While questions are being raised about the identity of the perpetrators of such a daring attack and how they managed to bypass presidential security to carry out the attack, the vague political landscape has contributed to the deep turmoil gripping this Caribbean nation of 11 million people.
Although Mr Joseph – the country’s sixth prime minister in the past four years – has said he is now in charge, his power is fragile as a new prime minister was due to be sworn in this week.
Ariel Henry, who was supposed to take over the post, said Yosef was no longer prime minister and claimed the post belonged to him. The country currently has no functioning parliament, and it is not known if or when the elections scheduled for the autumn will take place.
An emergency meeting of the UN Security Council on the crisis was scheduled for Thursday afternoon. In their statement, the Council members unanimously called on all parties to remain calm, exercise restraint and avoid any action that might contribute to further instability.
President Biden called the attack horrific and promised American help.
As rumors surfaced, some details of the attack became clearer.
Haiti’s ambassador to the United States, Bokhit Edmond, told a news conference that the assassination of the country’s president was carried out by well-trained professionals, hitmen, commandos.
Carl Henry Destin, a Haitian judge, told the Nouvelliste newspaper that the assailants posed as agents of the U.S. Drug Enforcement Administration – both U.S. and Haitian officials said they were not affiliated with the D.E.A. – when they broke into the president’s private residence on the outskirts of the capital around 1 a.m.
He said the maid and another staff member of the house were tied up by the attackers when they went to the president’s room.
According to him, the president was shot at least 12 times.
The president’s office and bedroom were ransacked, Destin said. We found him lying on his back, blue pants, white shirt stained with blood, mouth open, left eye out.
He said Mr. Moise was apparently shot with both a large-caliber weapon and a smaller 9-millimeter pistol.
The president’s wife, Martina Moise, was injured in the attack and was taken by ambulance to Ryder Trauma Center in Miami, where she was out of danger and in stable condition, according to Joseph.
Destin said the couple’s daughter, Jomarley, was also home at the time of the attack, but hid in a bedroom and came out unharmed.
Haiti’s late President Jovenel Moïse, center, with his wife Martine Moïse and interim Prime Minister Claude Joseph, right, during a ceremony in Port-au-Prince in May.
Haiti’s already turbulent political climate threatened to become even more turbulent on Thursday with a power struggle between two rival prime ministers, adding to tensions following the assassination of President Jovenel Moise.
The interim prime minister, Claude Joseph, declared he was in charge and declared martial law for 15 days, placing the country under martial law.

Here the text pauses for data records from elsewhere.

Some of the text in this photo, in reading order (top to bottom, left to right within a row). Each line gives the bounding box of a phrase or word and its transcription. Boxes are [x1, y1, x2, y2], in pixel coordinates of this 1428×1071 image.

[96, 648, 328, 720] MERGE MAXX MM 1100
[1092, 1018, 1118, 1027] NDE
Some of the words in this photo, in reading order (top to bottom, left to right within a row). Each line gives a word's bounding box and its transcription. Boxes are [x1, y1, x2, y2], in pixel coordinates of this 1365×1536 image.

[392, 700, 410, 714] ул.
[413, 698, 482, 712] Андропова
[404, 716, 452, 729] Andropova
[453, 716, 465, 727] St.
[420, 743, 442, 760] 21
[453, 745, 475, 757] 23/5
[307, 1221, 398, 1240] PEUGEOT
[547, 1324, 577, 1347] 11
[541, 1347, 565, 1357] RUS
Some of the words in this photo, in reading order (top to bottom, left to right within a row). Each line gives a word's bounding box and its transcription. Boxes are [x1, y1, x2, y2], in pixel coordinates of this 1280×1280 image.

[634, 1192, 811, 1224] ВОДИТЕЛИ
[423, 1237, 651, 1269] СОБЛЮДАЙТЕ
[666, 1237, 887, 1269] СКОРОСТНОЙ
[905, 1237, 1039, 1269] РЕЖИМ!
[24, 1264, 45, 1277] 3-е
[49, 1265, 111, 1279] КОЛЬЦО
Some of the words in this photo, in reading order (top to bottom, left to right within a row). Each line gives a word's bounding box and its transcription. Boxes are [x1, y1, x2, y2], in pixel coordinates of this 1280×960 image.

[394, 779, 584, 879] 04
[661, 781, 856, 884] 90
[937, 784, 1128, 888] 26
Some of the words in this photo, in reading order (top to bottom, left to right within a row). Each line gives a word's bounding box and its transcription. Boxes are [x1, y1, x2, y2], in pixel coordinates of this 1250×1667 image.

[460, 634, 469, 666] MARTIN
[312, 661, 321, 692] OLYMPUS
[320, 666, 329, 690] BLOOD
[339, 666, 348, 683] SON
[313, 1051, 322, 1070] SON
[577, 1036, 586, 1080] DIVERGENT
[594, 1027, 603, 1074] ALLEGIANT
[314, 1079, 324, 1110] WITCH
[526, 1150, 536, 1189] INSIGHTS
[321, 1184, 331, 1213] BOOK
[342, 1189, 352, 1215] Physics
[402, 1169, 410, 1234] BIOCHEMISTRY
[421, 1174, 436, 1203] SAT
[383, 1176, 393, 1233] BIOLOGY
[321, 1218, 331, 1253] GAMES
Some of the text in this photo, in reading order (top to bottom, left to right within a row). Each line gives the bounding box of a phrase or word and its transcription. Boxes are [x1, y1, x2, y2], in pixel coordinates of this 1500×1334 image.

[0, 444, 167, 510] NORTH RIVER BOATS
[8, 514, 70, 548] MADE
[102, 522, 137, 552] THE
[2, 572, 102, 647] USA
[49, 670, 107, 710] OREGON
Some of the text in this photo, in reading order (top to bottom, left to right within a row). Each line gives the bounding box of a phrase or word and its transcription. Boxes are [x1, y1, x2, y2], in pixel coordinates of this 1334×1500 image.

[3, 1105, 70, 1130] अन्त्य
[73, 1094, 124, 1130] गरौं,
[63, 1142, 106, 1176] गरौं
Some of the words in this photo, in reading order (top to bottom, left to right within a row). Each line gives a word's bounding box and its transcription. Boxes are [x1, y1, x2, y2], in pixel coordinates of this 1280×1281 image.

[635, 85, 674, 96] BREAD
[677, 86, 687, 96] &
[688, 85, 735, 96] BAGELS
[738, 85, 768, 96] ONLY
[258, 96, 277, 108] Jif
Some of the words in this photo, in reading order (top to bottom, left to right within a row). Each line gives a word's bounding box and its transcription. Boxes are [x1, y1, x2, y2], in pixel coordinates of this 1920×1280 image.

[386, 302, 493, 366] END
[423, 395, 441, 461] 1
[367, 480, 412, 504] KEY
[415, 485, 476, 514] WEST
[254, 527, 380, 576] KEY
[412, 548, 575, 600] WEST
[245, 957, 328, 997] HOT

But even constitutional experts doubt whether he has the legal authority to do so and whether he can stay in power.
Joseph was to be replaced this week by Ariel Henry, whom Moses had appointed prime minister in recent days. But within hours of the assassination, Mr. Joseph assumed leadership of Haiti and took command of the police and military in what he said was an effort to provide order and stability.
Mr. Henry said in an interview with Le Nouvelliste that Mr. Joseph was no longer prime minister and that he claimed the right to lead the government.
I am the first minister with the decree in my favour, said Mr Henry, adding that he was in the process of forming his government, of which Mr Joseph will be a member.
Mr. Henry said he did not want to throw oil on the fire, but he criticized Mr. Joseph’s decision to impose martial law and called for dialogue that could ensure a smooth political transition.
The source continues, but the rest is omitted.